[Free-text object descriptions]
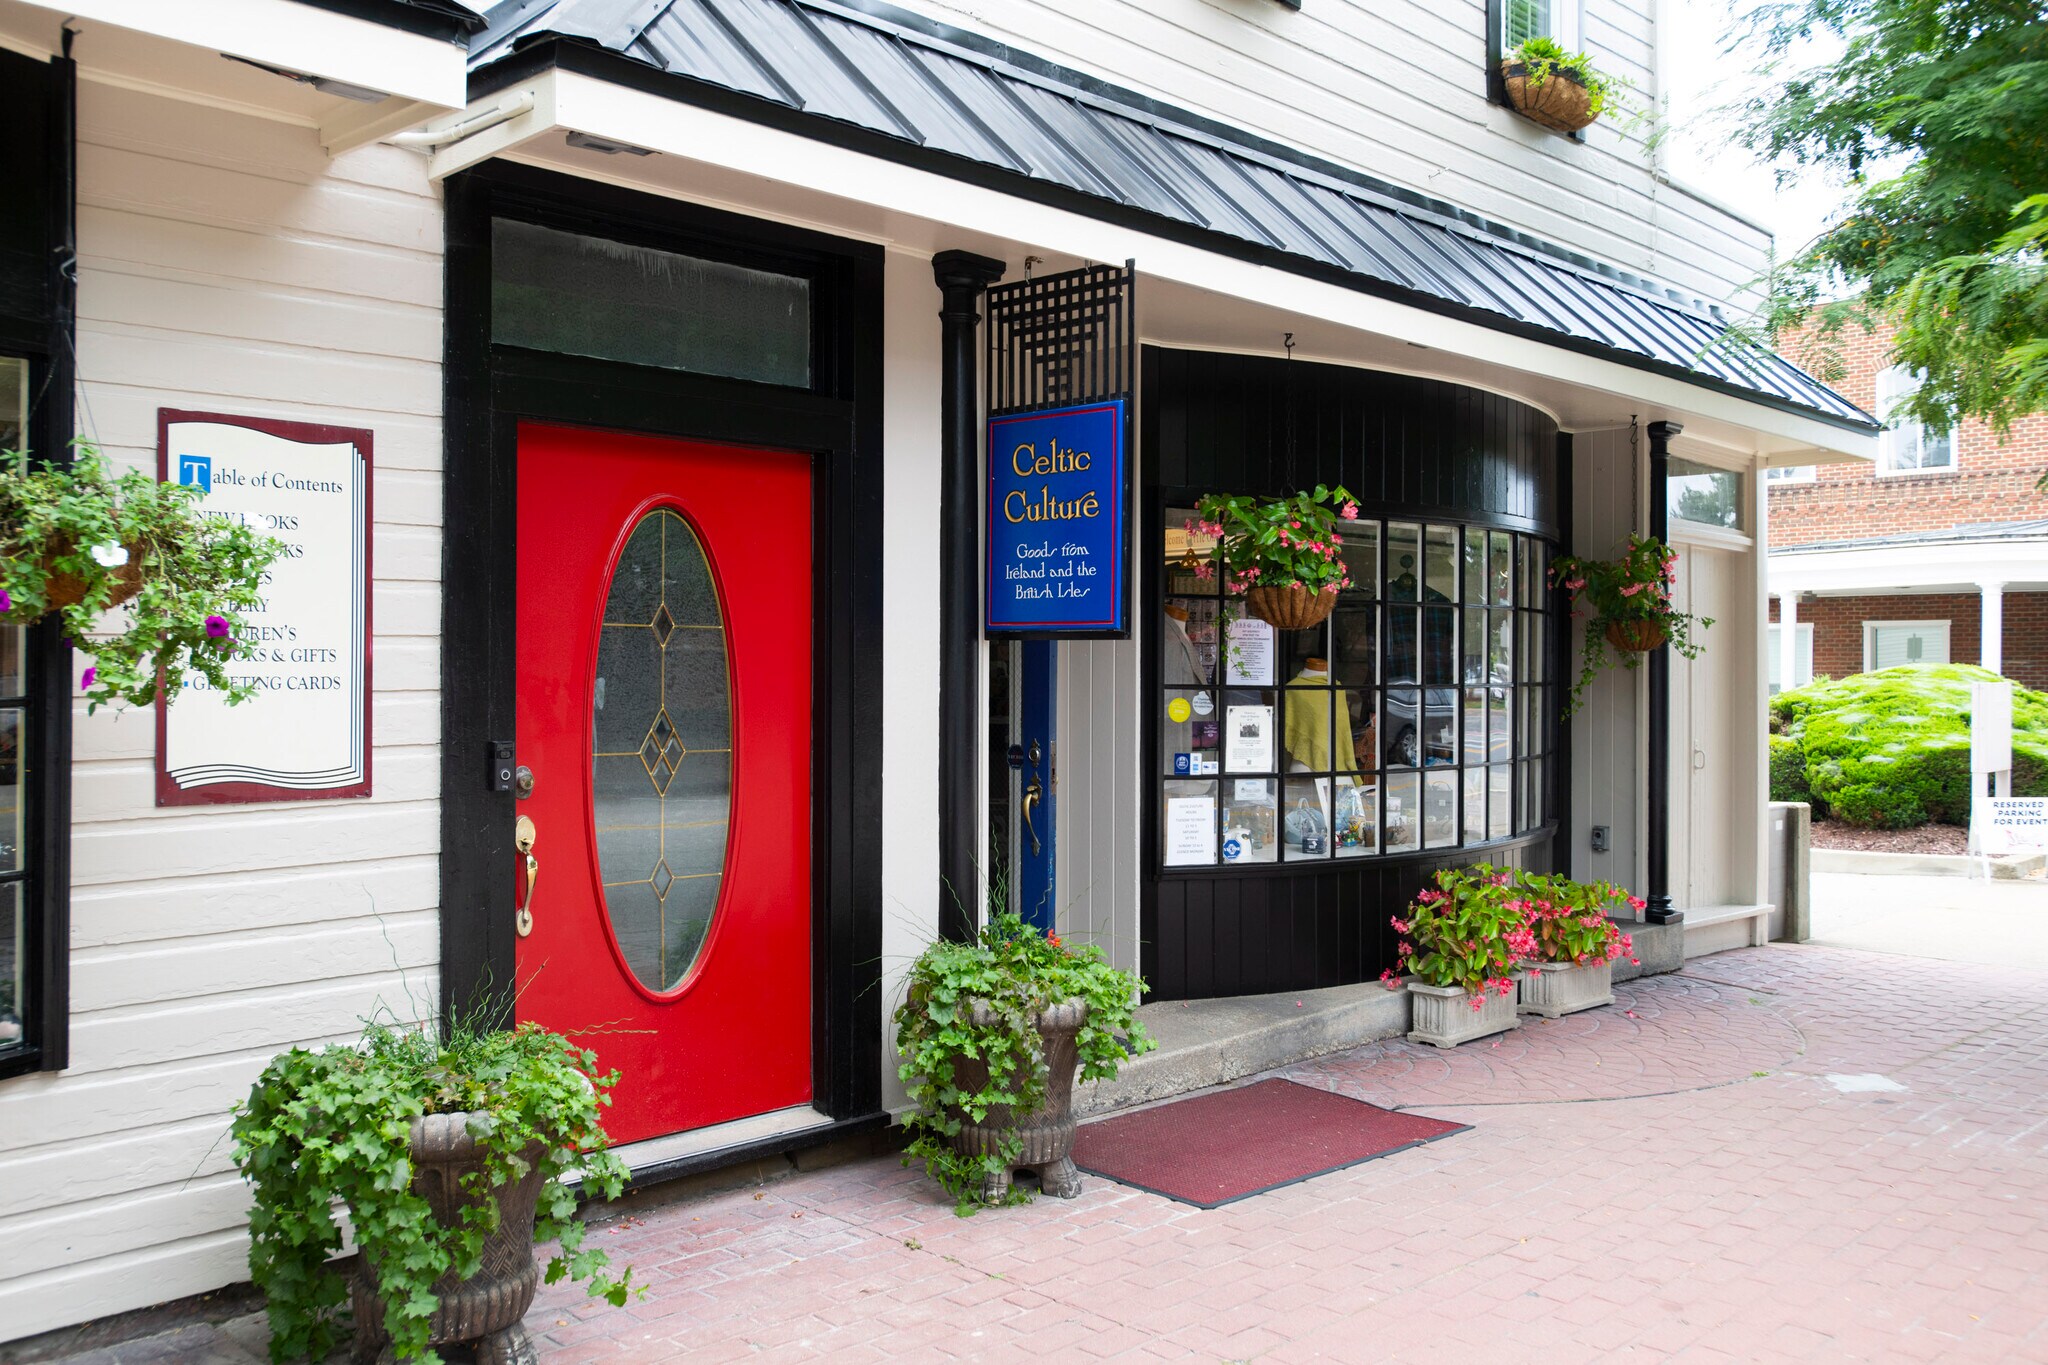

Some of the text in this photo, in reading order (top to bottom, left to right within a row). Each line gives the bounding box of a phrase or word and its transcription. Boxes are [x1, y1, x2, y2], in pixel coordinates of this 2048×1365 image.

[1012, 437, 1092, 478] Celtic
[183, 461, 343, 494] Table of Contents
[1003, 484, 1100, 524] Culture
[1016, 540, 1090, 559] Goods from
[1005, 559, 1097, 580] Ireland and the
[1015, 581, 1091, 600] British Isles
[237, 624, 297, 641] DREN'S
[271, 648, 287, 663] &
[290, 648, 337, 663] GIFTS
[286, 676, 341, 691] CARDS
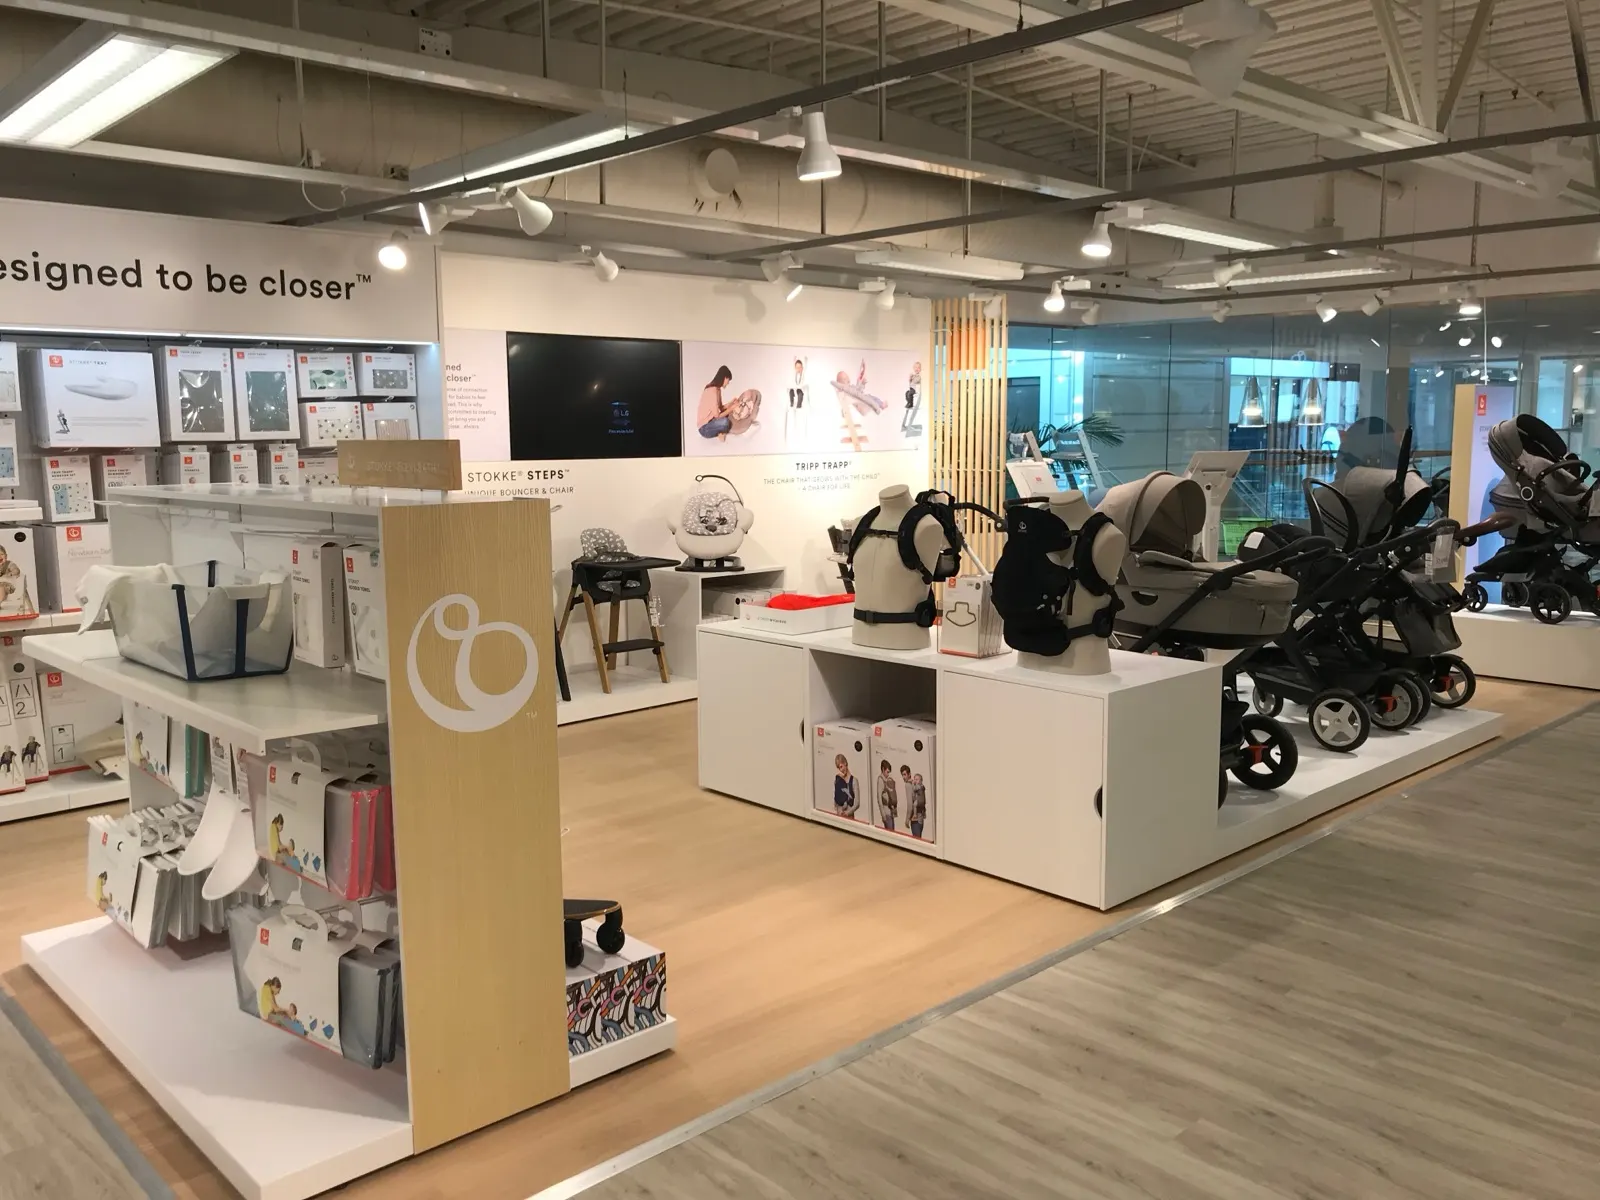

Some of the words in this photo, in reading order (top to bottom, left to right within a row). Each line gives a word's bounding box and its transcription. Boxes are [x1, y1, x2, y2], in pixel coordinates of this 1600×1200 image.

[156, 264, 193, 291] to
[206, 264, 248, 295] be
[796, 462, 820, 471] TRIPP
[776, 477, 795, 485] CHAIR
[849, 473, 860, 481] THE
[500, 487, 539, 497] BOUNCER
[542, 487, 547, 495] &
[549, 486, 574, 495] CHAIR
[15, 701, 27, 716] 2
[57, 747, 64, 760] 1
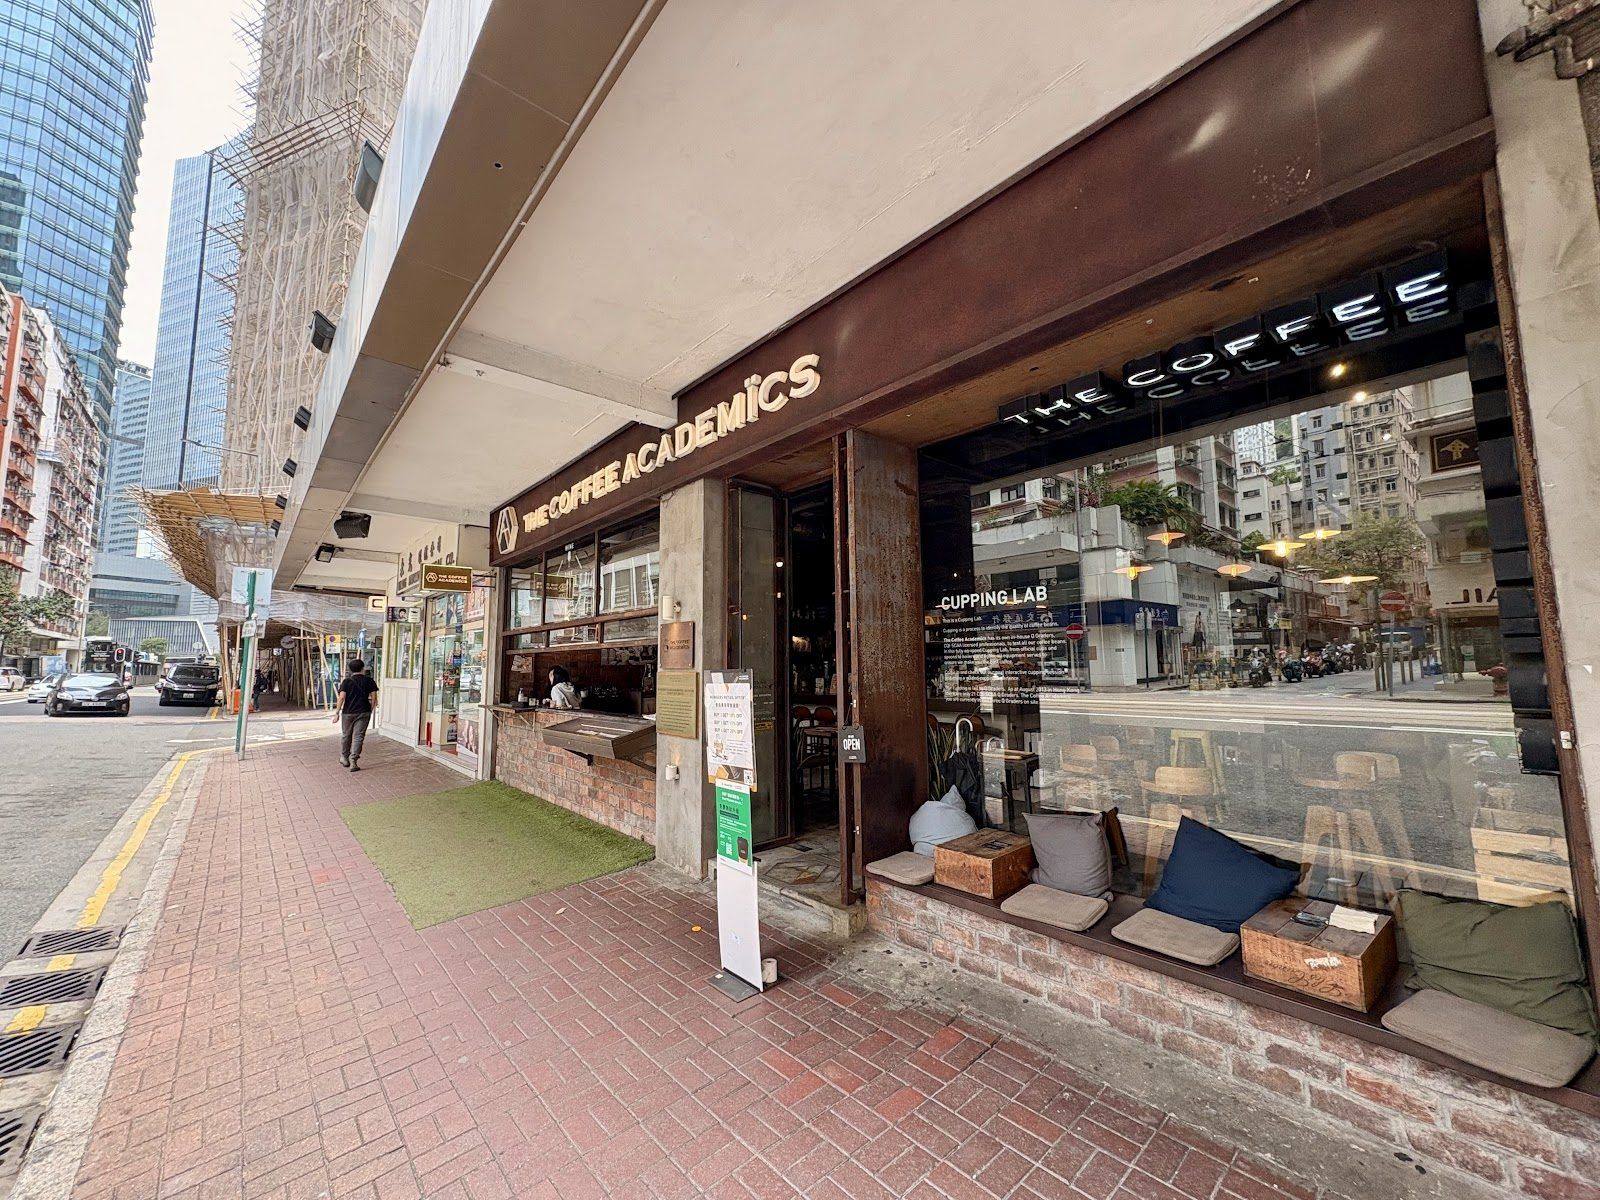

About this task → All lines from the one holding "Some of the words" through the last line of the entries, and nothing else, are to be output exactly; leave out the pictures.

Task result →
Some of the words in this photo, in reading order (top to bottom, left to right within a row). Each line gives a word's bounding box and its transcription. Boxes are [x1, y1, x2, y2], in pixel coordinates of this 1600×1200 image.

[156, 264, 193, 291] to
[206, 264, 248, 295] be
[796, 462, 820, 471] TRIPP
[776, 477, 795, 485] CHAIR
[849, 473, 860, 481] THE
[500, 487, 539, 497] BOUNCER
[542, 487, 547, 495] &
[549, 486, 574, 495] CHAIR
[15, 701, 27, 716] 2
[57, 747, 64, 760] 1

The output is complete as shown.